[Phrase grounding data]
^^^^

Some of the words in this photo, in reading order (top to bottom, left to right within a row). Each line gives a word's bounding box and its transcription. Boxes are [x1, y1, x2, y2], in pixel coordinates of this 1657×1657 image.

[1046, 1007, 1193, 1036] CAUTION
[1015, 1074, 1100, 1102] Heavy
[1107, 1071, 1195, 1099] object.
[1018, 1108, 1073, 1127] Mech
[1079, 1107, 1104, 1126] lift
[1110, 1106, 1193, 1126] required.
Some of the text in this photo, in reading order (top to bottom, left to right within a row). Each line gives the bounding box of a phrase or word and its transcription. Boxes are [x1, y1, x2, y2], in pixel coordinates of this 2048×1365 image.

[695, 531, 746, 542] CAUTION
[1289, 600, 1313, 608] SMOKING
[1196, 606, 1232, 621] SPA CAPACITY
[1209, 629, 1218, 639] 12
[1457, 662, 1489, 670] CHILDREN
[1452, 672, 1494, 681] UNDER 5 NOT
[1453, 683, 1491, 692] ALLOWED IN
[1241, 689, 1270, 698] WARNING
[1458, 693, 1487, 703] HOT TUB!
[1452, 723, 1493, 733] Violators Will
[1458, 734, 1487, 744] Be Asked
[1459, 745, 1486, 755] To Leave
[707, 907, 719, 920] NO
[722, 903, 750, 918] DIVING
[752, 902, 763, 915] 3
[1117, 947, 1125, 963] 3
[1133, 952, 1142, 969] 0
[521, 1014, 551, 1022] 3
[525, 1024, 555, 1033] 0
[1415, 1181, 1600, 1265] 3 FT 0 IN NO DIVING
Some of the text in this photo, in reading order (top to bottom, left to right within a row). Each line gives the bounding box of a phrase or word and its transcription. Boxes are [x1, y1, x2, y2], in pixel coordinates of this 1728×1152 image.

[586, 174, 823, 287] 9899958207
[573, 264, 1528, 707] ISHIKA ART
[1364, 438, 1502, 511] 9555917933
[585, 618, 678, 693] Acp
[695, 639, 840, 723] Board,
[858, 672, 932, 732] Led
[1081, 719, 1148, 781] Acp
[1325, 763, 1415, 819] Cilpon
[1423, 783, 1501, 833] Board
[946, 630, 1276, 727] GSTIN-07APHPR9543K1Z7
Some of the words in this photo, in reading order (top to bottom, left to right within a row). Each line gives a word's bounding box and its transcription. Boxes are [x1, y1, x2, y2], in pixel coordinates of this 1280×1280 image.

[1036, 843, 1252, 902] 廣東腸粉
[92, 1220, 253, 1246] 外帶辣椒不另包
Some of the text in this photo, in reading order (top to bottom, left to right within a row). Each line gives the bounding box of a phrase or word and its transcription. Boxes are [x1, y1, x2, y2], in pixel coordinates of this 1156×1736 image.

^^^^

▶ _WHAT THE TASK REQUIRES_
Retype the records above in full, exactly.

▶ _OUTPUT FOR THIS EXERCISE_
Some of the words in this photo, in reading order (top to bottom, left to right within a row). Each line gives a word's bounding box and its transcription. Boxes are [x1, y1, x2, y2], in pixel coordinates of this 1657×1657 image.

[1046, 1007, 1193, 1036] CAUTION
[1015, 1074, 1100, 1102] Heavy
[1107, 1071, 1195, 1099] object.
[1018, 1108, 1073, 1127] Mech
[1079, 1107, 1104, 1126] lift
[1110, 1106, 1193, 1126] required.
Some of the text in this photo, in reading order (top to bottom, left to right within a row). Each line gives the bounding box of a phrase or word and its transcription. Boxes are [x1, y1, x2, y2], in pixel coordinates of this 2048×1365 image.

[695, 531, 746, 542] CAUTION
[1289, 600, 1313, 608] SMOKING
[1196, 606, 1232, 621] SPA CAPACITY
[1209, 629, 1218, 639] 12
[1457, 662, 1489, 670] CHILDREN
[1452, 672, 1494, 681] UNDER 5 NOT
[1453, 683, 1491, 692] ALLOWED IN
[1241, 689, 1270, 698] WARNING
[1458, 693, 1487, 703] HOT TUB!
[1452, 723, 1493, 733] Violators Will
[1458, 734, 1487, 744] Be Asked
[1459, 745, 1486, 755] To Leave
[707, 907, 719, 920] NO
[722, 903, 750, 918] DIVING
[752, 902, 763, 915] 3
[1117, 947, 1125, 963] 3
[1133, 952, 1142, 969] 0
[521, 1014, 551, 1022] 3
[525, 1024, 555, 1033] 0
[1415, 1181, 1600, 1265] 3 FT 0 IN NO DIVING
Some of the text in this photo, in reading order (top to bottom, left to right within a row). Each line gives the bounding box of a phrase or word and its transcription. Boxes are [x1, y1, x2, y2], in pixel coordinates of this 1728×1152 image.

[586, 174, 823, 287] 9899958207
[573, 264, 1528, 707] ISHIKA ART
[1364, 438, 1502, 511] 9555917933
[585, 618, 678, 693] Acp
[695, 639, 840, 723] Board,
[858, 672, 932, 732] Led
[1081, 719, 1148, 781] Acp
[1325, 763, 1415, 819] Cilpon
[1423, 783, 1501, 833] Board
[946, 630, 1276, 727] GSTIN-07APHPR9543K1Z7
Some of the words in this photo, in reading order (top to bottom, left to right within a row). Each line gives a word's bounding box and its transcription. Boxes are [x1, y1, x2, y2], in pixel coordinates of this 1280×1280 image.

[1036, 843, 1252, 902] 廣東腸粉
[92, 1220, 253, 1246] 外帶辣椒不另包
Some of the text in this photo, in reading order (top to bottom, left to right within a row). Each line gives the bounding box of a phrase or word and its transcription. Boxes are [x1, y1, x2, y2], in pixel coordinates of this 1156×1736 image.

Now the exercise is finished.